[RECORDS FOR THIS EXERCISE — start]

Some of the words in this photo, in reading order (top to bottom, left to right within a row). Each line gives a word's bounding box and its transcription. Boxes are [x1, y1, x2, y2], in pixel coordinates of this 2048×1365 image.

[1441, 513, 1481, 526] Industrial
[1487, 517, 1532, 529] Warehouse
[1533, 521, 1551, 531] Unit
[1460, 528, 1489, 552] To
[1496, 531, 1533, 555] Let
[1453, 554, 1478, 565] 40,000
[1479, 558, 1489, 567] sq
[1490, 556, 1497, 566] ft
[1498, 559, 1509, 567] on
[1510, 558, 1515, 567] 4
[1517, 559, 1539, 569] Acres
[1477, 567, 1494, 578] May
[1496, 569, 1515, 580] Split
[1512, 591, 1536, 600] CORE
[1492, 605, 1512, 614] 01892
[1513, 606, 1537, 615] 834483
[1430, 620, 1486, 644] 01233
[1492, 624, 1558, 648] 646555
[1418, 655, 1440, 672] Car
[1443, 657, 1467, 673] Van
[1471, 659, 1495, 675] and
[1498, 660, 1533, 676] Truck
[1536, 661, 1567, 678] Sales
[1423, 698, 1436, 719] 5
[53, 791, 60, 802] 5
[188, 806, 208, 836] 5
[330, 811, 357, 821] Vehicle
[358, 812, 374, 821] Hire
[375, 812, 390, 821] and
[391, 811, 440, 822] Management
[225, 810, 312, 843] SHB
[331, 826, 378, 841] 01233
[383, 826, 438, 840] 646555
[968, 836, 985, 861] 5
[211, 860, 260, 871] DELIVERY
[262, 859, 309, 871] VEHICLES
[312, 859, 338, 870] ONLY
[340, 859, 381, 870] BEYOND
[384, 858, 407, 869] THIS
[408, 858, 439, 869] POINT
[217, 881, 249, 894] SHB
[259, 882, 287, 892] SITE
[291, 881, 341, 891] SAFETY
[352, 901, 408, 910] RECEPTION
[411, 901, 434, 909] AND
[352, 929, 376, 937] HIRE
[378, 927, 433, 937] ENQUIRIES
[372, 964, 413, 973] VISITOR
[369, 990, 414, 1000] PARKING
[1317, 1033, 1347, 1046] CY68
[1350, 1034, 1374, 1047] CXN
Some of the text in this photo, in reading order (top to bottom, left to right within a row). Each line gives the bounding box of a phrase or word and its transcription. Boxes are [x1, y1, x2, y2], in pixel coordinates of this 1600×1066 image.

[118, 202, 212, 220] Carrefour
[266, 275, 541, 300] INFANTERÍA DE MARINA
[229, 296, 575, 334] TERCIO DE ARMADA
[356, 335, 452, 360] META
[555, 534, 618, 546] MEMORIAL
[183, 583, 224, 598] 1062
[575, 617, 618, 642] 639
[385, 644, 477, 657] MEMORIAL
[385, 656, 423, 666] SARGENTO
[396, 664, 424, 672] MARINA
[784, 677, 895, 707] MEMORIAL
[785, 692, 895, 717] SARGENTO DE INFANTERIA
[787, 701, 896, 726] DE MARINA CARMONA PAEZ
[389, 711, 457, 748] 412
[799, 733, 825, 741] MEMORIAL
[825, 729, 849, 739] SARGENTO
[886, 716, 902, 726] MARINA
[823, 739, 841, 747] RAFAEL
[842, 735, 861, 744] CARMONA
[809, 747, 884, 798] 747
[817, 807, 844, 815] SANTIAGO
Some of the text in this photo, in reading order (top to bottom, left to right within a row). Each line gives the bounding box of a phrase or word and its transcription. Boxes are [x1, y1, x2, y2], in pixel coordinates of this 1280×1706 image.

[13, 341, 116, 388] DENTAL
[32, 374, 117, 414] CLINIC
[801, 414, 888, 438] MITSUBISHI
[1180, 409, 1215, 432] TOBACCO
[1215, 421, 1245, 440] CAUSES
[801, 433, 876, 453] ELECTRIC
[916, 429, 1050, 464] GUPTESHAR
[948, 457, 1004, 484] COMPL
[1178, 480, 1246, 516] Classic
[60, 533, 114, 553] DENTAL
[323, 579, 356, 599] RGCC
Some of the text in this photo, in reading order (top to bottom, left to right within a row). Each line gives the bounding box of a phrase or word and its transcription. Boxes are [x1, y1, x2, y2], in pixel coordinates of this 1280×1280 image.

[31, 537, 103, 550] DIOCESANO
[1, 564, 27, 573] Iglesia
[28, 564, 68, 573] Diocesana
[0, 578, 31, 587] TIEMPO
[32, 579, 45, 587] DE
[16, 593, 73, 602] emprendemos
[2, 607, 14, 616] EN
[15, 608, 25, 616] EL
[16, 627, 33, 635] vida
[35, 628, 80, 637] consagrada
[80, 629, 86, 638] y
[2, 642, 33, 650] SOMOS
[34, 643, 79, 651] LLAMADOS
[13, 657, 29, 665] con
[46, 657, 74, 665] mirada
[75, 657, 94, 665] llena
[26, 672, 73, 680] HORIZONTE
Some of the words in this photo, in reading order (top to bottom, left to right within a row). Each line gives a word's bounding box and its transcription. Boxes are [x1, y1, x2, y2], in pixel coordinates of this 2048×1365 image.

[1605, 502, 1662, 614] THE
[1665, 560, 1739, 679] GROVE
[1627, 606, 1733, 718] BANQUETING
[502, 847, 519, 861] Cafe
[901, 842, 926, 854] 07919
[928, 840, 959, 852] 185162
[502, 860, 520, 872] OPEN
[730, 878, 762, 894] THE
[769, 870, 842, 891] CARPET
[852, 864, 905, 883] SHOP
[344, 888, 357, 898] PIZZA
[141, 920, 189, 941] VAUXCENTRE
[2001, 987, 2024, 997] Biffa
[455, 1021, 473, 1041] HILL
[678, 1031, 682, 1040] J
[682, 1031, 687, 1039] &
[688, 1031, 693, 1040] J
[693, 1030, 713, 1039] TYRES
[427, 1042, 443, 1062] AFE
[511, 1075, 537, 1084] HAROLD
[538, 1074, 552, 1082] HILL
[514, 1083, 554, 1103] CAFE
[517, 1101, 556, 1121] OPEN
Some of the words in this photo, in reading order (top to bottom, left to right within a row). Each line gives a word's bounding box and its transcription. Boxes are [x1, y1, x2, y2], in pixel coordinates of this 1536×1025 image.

[RECORDS FOR THIS EXERCISE — finish]

**EXERCISE DIRECTIONS:**
Every record in the material above should be set down exactly.

**FINAL ANSWER:**
Some of the words in this photo, in reading order (top to bottom, left to right within a row). Each line gives a word's bounding box and its transcription. Boxes are [x1, y1, x2, y2], in pixel coordinates of this 2048×1365 image.

[1441, 513, 1481, 526] Industrial
[1487, 517, 1532, 529] Warehouse
[1533, 521, 1551, 531] Unit
[1460, 528, 1489, 552] To
[1496, 531, 1533, 555] Let
[1453, 554, 1478, 565] 40,000
[1479, 558, 1489, 567] sq
[1490, 556, 1497, 566] ft
[1498, 559, 1509, 567] on
[1510, 558, 1515, 567] 4
[1517, 559, 1539, 569] Acres
[1477, 567, 1494, 578] May
[1496, 569, 1515, 580] Split
[1512, 591, 1536, 600] CORE
[1492, 605, 1512, 614] 01892
[1513, 606, 1537, 615] 834483
[1430, 620, 1486, 644] 01233
[1492, 624, 1558, 648] 646555
[1418, 655, 1440, 672] Car
[1443, 657, 1467, 673] Van
[1471, 659, 1495, 675] and
[1498, 660, 1533, 676] Truck
[1536, 661, 1567, 678] Sales
[1423, 698, 1436, 719] 5
[53, 791, 60, 802] 5
[188, 806, 208, 836] 5
[330, 811, 357, 821] Vehicle
[358, 812, 374, 821] Hire
[375, 812, 390, 821] and
[391, 811, 440, 822] Management
[225, 810, 312, 843] SHB
[331, 826, 378, 841] 01233
[383, 826, 438, 840] 646555
[968, 836, 985, 861] 5
[211, 860, 260, 871] DELIVERY
[262, 859, 309, 871] VEHICLES
[312, 859, 338, 870] ONLY
[340, 859, 381, 870] BEYOND
[384, 858, 407, 869] THIS
[408, 858, 439, 869] POINT
[217, 881, 249, 894] SHB
[259, 882, 287, 892] SITE
[291, 881, 341, 891] SAFETY
[352, 901, 408, 910] RECEPTION
[411, 901, 434, 909] AND
[352, 929, 376, 937] HIRE
[378, 927, 433, 937] ENQUIRIES
[372, 964, 413, 973] VISITOR
[369, 990, 414, 1000] PARKING
[1317, 1033, 1347, 1046] CY68
[1350, 1034, 1374, 1047] CXN
Some of the text in this photo, in reading order (top to bottom, left to right within a row). Each line gives the bounding box of a phrase or word and its transcription. Boxes are [x1, y1, x2, y2], in pixel coordinates of this 1600×1066 image.

[118, 202, 212, 220] Carrefour
[266, 275, 541, 300] INFANTERÍA DE MARINA
[229, 296, 575, 334] TERCIO DE ARMADA
[356, 335, 452, 360] META
[555, 534, 618, 546] MEMORIAL
[183, 583, 224, 598] 1062
[575, 617, 618, 642] 639
[385, 644, 477, 657] MEMORIAL
[385, 656, 423, 666] SARGENTO
[396, 664, 424, 672] MARINA
[784, 677, 895, 707] MEMORIAL
[785, 692, 895, 717] SARGENTO DE INFANTERIA
[787, 701, 896, 726] DE MARINA CARMONA PAEZ
[389, 711, 457, 748] 412
[799, 733, 825, 741] MEMORIAL
[825, 729, 849, 739] SARGENTO
[886, 716, 902, 726] MARINA
[823, 739, 841, 747] RAFAEL
[842, 735, 861, 744] CARMONA
[809, 747, 884, 798] 747
[817, 807, 844, 815] SANTIAGO
Some of the text in this photo, in reading order (top to bottom, left to right within a row). Each line gives the bounding box of a phrase or word and its transcription. Boxes are [x1, y1, x2, y2], in pixel coordinates of this 1280×1706 image.

[13, 341, 116, 388] DENTAL
[32, 374, 117, 414] CLINIC
[801, 414, 888, 438] MITSUBISHI
[1180, 409, 1215, 432] TOBACCO
[1215, 421, 1245, 440] CAUSES
[801, 433, 876, 453] ELECTRIC
[916, 429, 1050, 464] GUPTESHAR
[948, 457, 1004, 484] COMPL
[1178, 480, 1246, 516] Classic
[60, 533, 114, 553] DENTAL
[323, 579, 356, 599] RGCC
Some of the text in this photo, in reading order (top to bottom, left to right within a row). Each line gives the bounding box of a phrase or word and its transcription. Boxes are [x1, y1, x2, y2], in pixel coordinates of this 1280×1280 image.

[31, 537, 103, 550] DIOCESANO
[1, 564, 27, 573] Iglesia
[28, 564, 68, 573] Diocesana
[0, 578, 31, 587] TIEMPO
[32, 579, 45, 587] DE
[16, 593, 73, 602] emprendemos
[2, 607, 14, 616] EN
[15, 608, 25, 616] EL
[16, 627, 33, 635] vida
[35, 628, 80, 637] consagrada
[80, 629, 86, 638] y
[2, 642, 33, 650] SOMOS
[34, 643, 79, 651] LLAMADOS
[13, 657, 29, 665] con
[46, 657, 74, 665] mirada
[75, 657, 94, 665] llena
[26, 672, 73, 680] HORIZONTE
Some of the words in this photo, in reading order (top to bottom, left to right within a row). Each line gives a word's bounding box and its transcription. Boxes are [x1, y1, x2, y2], in pixel coordinates of this 2048×1365 image.

[1605, 502, 1662, 614] THE
[1665, 560, 1739, 679] GROVE
[1627, 606, 1733, 718] BANQUETING
[502, 847, 519, 861] Cafe
[901, 842, 926, 854] 07919
[928, 840, 959, 852] 185162
[502, 860, 520, 872] OPEN
[730, 878, 762, 894] THE
[769, 870, 842, 891] CARPET
[852, 864, 905, 883] SHOP
[344, 888, 357, 898] PIZZA
[141, 920, 189, 941] VAUXCENTRE
[2001, 987, 2024, 997] Biffa
[455, 1021, 473, 1041] HILL
[678, 1031, 682, 1040] J
[682, 1031, 687, 1039] &
[688, 1031, 693, 1040] J
[693, 1030, 713, 1039] TYRES
[427, 1042, 443, 1062] AFE
[511, 1075, 537, 1084] HAROLD
[538, 1074, 552, 1082] HILL
[514, 1083, 554, 1103] CAFE
[517, 1101, 556, 1121] OPEN
Some of the words in this photo, in reading order (top to bottom, left to right within a row). Each line gives a word's bounding box and its transcription. Boxes are [x1, y1, x2, y2], in pixel coordinates of this 1536×1025 image.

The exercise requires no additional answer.